Items from a dataset

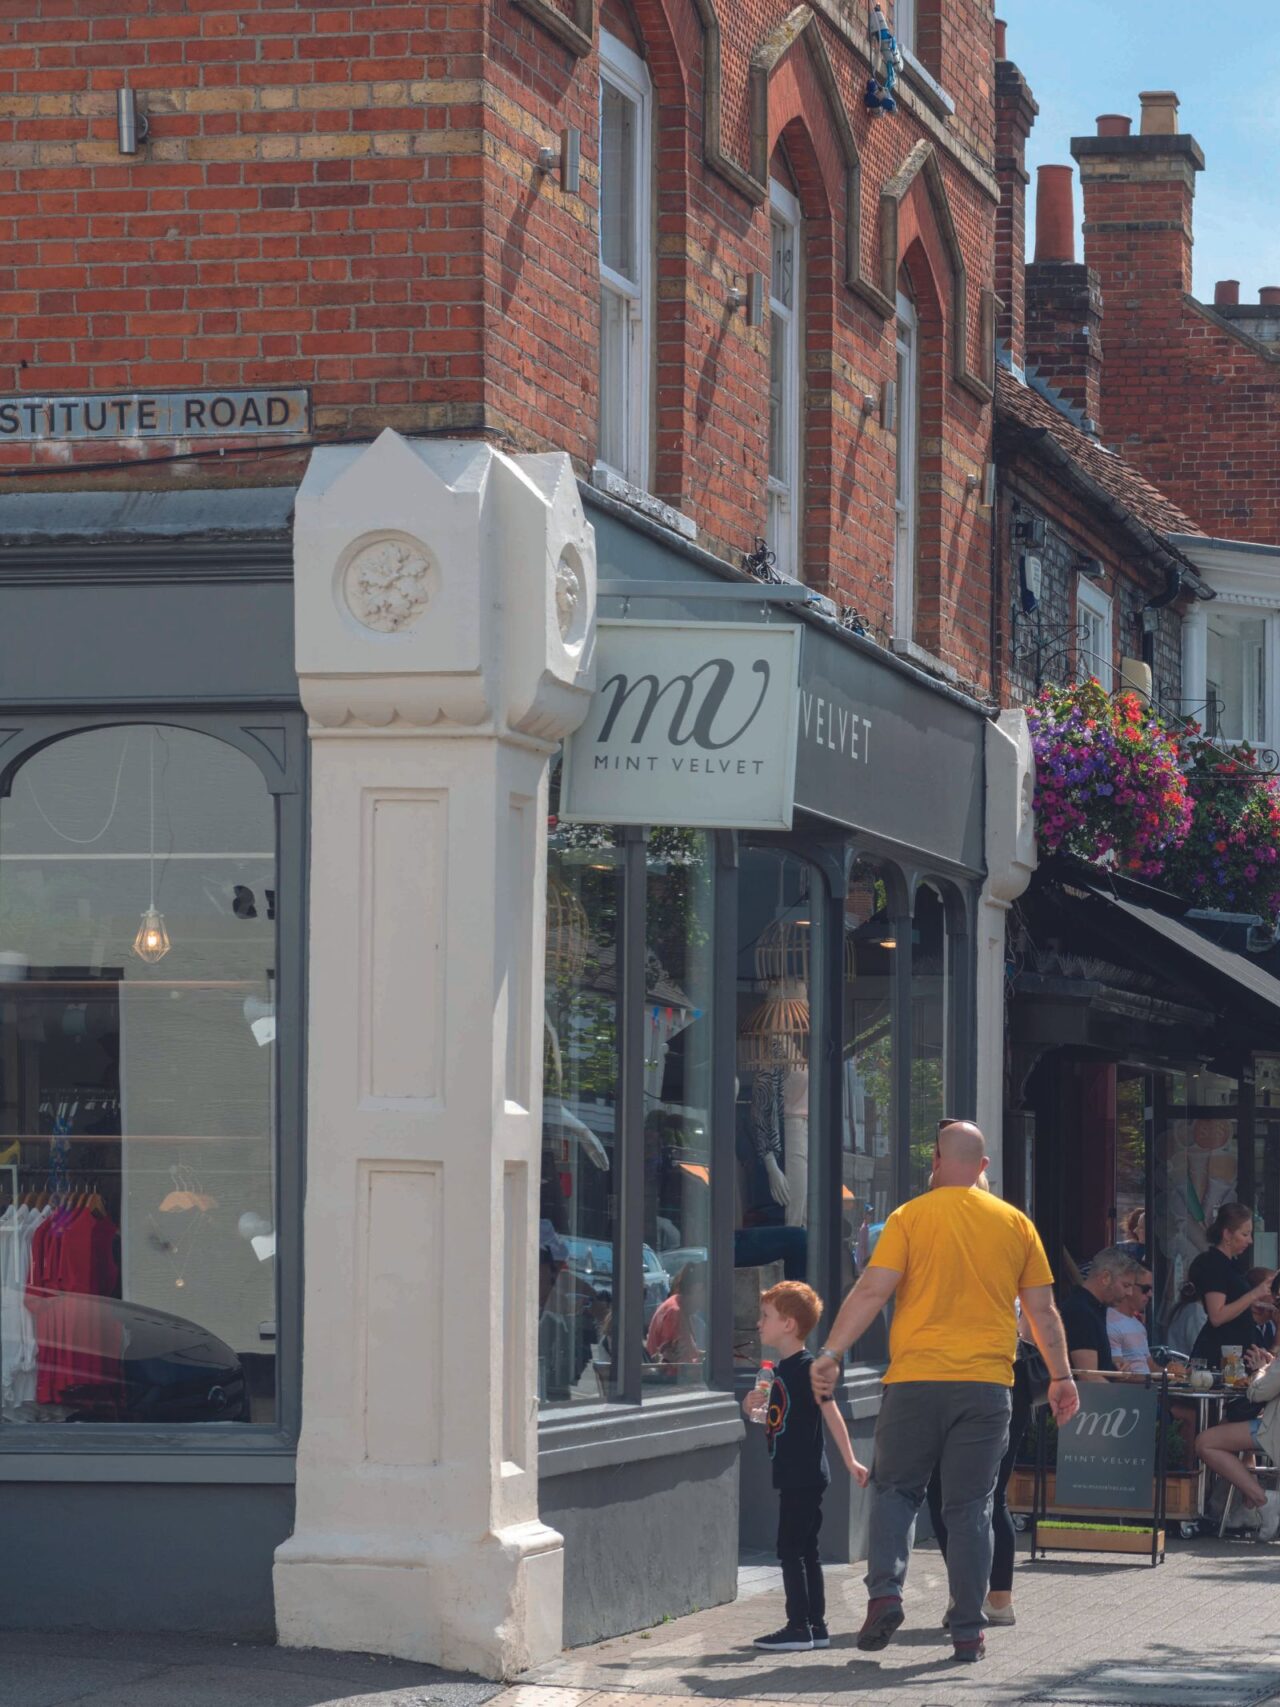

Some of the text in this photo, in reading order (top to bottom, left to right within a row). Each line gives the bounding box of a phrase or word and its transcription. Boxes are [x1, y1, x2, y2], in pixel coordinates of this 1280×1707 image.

[0, 397, 290, 434] STITUTE ROAD
[802, 690, 872, 764] VELVET
[594, 755, 764, 774] MINT VELVET
[1064, 1455, 1147, 1466] MINT VELVET
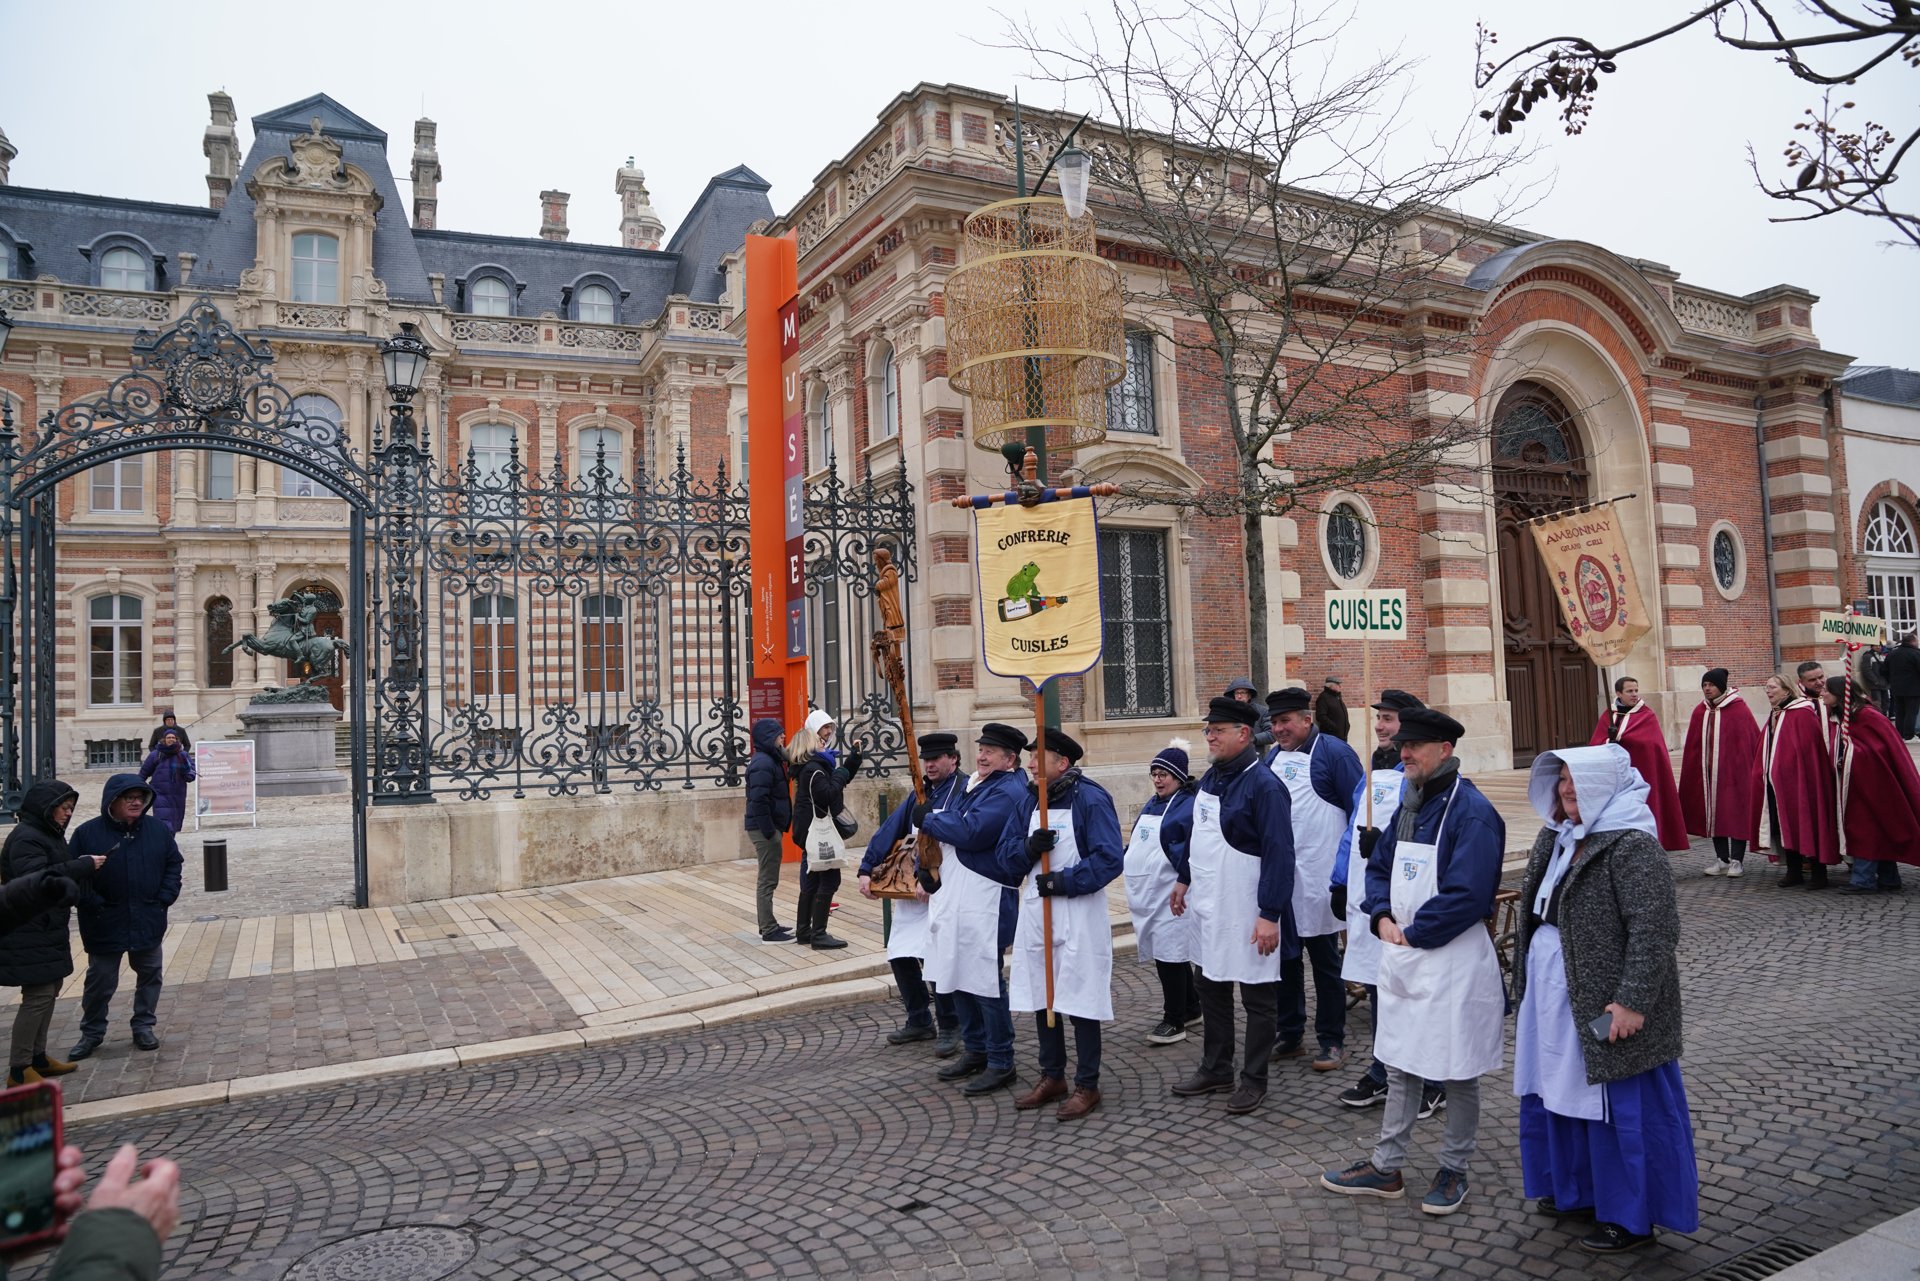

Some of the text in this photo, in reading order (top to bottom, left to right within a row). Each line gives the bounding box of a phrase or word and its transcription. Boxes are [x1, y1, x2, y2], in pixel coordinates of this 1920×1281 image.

[783, 312, 799, 585] MUSÉE
[998, 529, 1070, 551] CONFRERIE
[1546, 521, 1611, 545] AMBONNAY
[1586, 538, 1603, 547] CRU
[1329, 598, 1402, 630] CUISLES
[1822, 619, 1878, 637] AMBONNAY
[1011, 634, 1069, 653] CUISLES

ASSIGNED TASK — Skipping the pictures, transcribe each line above exactly as it appears.

THE ANSWER —
Some of the text in this photo, in reading order (top to bottom, left to right within a row). Each line gives the bounding box of a phrase or word and its transcription. Boxes are [x1, y1, x2, y2], in pixel coordinates of this 1280×1707 image.

[0, 397, 290, 434] STITUTE ROAD
[802, 690, 872, 764] VELVET
[594, 755, 764, 774] MINT VELVET
[1064, 1455, 1147, 1466] MINT VELVET

Some of the text in this photo, in reading order (top to bottom, left to right within a row). Each line gives the bounding box of a phrase or word and its transcription. Boxes are [x1, y1, x2, y2], in pixel coordinates of this 1920×1281 image.

[783, 312, 799, 585] MUSÉE
[998, 529, 1070, 551] CONFRERIE
[1546, 521, 1611, 545] AMBONNAY
[1586, 538, 1603, 547] CRU
[1329, 598, 1402, 630] CUISLES
[1822, 619, 1878, 637] AMBONNAY
[1011, 634, 1069, 653] CUISLES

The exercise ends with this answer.